Partitioning tables by one or more columns offers a powerful solution by physically separating data into manageable subsets. Systems can then skip over irrelevant partitions during query execution, resulting in significantly improved performance. Yet, partitioning itself introduces a new set of design challenges:

Granularity:
Fine-grained partitioning can lead to a flood of small files (the "small files problem" or "partition explosion"), which increases metadata overhead and slows down operations. Coarse-grained partitioning, on the other hand, can lead to data skew, where some partitions become disproportionately large, thereby hindering performance and parallelism. In some cases, such as sales data with extreme holiday spikes, there may be no ideal granularity.
Number of Partition Columns:
Using too many partition columns can also cause partition explosion, while too few can limit query optimization when filtering on non-partitioned columns.
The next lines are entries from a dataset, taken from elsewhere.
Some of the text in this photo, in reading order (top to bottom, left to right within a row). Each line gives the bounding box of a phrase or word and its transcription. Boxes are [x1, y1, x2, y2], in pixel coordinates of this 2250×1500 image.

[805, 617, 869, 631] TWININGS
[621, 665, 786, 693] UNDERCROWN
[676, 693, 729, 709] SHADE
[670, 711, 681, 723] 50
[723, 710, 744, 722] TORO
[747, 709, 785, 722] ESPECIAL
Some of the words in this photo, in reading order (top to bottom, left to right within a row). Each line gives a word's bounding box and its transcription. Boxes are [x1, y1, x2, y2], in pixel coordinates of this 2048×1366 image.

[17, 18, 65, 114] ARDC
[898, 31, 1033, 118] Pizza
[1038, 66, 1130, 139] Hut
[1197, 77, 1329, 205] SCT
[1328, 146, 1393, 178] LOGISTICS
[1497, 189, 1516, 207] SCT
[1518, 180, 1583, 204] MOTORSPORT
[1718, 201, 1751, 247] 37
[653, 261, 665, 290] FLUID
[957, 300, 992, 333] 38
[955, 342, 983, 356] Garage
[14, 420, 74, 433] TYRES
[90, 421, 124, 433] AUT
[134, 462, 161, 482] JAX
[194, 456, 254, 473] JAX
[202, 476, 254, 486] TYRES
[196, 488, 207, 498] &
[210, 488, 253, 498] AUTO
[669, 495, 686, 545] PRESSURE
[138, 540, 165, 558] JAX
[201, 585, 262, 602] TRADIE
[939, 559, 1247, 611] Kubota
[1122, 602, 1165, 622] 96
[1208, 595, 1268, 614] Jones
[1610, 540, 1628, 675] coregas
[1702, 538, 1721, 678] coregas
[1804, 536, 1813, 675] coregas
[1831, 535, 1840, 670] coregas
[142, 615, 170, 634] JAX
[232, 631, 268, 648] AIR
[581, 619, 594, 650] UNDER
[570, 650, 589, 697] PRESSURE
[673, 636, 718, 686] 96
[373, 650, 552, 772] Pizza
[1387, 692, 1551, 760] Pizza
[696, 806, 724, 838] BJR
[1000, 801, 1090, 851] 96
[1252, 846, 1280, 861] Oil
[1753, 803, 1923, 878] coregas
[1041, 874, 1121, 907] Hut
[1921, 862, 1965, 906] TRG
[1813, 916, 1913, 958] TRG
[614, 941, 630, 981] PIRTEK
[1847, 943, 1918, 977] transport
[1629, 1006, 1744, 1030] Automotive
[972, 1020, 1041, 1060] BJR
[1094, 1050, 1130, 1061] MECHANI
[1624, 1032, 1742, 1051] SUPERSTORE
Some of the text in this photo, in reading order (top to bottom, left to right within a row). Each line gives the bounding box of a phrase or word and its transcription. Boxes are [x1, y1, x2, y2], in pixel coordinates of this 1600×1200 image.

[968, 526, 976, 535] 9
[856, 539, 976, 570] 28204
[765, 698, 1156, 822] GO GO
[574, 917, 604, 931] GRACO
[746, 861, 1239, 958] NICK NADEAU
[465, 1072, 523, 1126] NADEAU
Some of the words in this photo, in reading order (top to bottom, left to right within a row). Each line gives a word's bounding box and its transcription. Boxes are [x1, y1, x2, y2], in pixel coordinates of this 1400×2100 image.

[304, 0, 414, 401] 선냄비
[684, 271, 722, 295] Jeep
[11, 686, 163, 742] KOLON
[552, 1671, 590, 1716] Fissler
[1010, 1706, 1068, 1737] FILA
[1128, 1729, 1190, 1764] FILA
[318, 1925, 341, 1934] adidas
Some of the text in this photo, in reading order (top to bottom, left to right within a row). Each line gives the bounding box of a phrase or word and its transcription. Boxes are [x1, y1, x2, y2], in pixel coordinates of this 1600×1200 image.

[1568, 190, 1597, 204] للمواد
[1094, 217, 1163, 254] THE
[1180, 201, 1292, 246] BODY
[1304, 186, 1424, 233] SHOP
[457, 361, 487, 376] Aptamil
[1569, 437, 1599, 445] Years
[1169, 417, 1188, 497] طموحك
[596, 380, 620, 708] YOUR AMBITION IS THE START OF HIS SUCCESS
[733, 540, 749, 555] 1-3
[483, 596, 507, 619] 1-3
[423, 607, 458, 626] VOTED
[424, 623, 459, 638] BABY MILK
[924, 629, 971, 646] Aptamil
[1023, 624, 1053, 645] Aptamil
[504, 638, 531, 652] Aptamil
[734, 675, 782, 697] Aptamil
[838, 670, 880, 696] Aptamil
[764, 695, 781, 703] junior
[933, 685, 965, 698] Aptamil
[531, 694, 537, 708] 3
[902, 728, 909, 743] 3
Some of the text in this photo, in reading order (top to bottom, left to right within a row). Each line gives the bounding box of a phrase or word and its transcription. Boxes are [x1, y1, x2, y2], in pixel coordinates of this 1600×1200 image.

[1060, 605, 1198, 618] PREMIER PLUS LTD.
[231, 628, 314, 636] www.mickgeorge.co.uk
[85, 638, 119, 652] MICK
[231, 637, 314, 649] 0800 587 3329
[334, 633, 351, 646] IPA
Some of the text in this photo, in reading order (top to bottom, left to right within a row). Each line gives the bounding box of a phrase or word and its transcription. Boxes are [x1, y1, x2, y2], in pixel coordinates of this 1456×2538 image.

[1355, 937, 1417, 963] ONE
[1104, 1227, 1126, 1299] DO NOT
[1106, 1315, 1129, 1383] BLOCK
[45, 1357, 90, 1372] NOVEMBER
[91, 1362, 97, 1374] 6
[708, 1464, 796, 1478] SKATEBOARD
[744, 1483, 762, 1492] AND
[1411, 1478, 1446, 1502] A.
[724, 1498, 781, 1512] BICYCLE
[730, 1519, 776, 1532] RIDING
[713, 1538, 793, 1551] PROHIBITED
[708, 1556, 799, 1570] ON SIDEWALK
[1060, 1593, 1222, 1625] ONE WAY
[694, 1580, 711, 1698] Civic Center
In practice, designing the "perfect" partitioning scheme is often difficult, if not impossible. Real-world data is messy, dynamic, and unpredictable.

This is where clustering offers an important alternative. Rather than physically separating data into rigid partitions, clustering organizes rows based on value locality, providing many of the benefits of partitioning, such as data skipping and faster query performance, while avoiding some of its major drawbacks.

What is Clustering?

Clustering is a data layout strategy that organizes rows based on the values of one or more columns, without physically splitting the dataset into separate partitions. Instead of creating distinct directory structures, like traditional partitioning does, clustering sorts and groups related rows together within the existing storage layout.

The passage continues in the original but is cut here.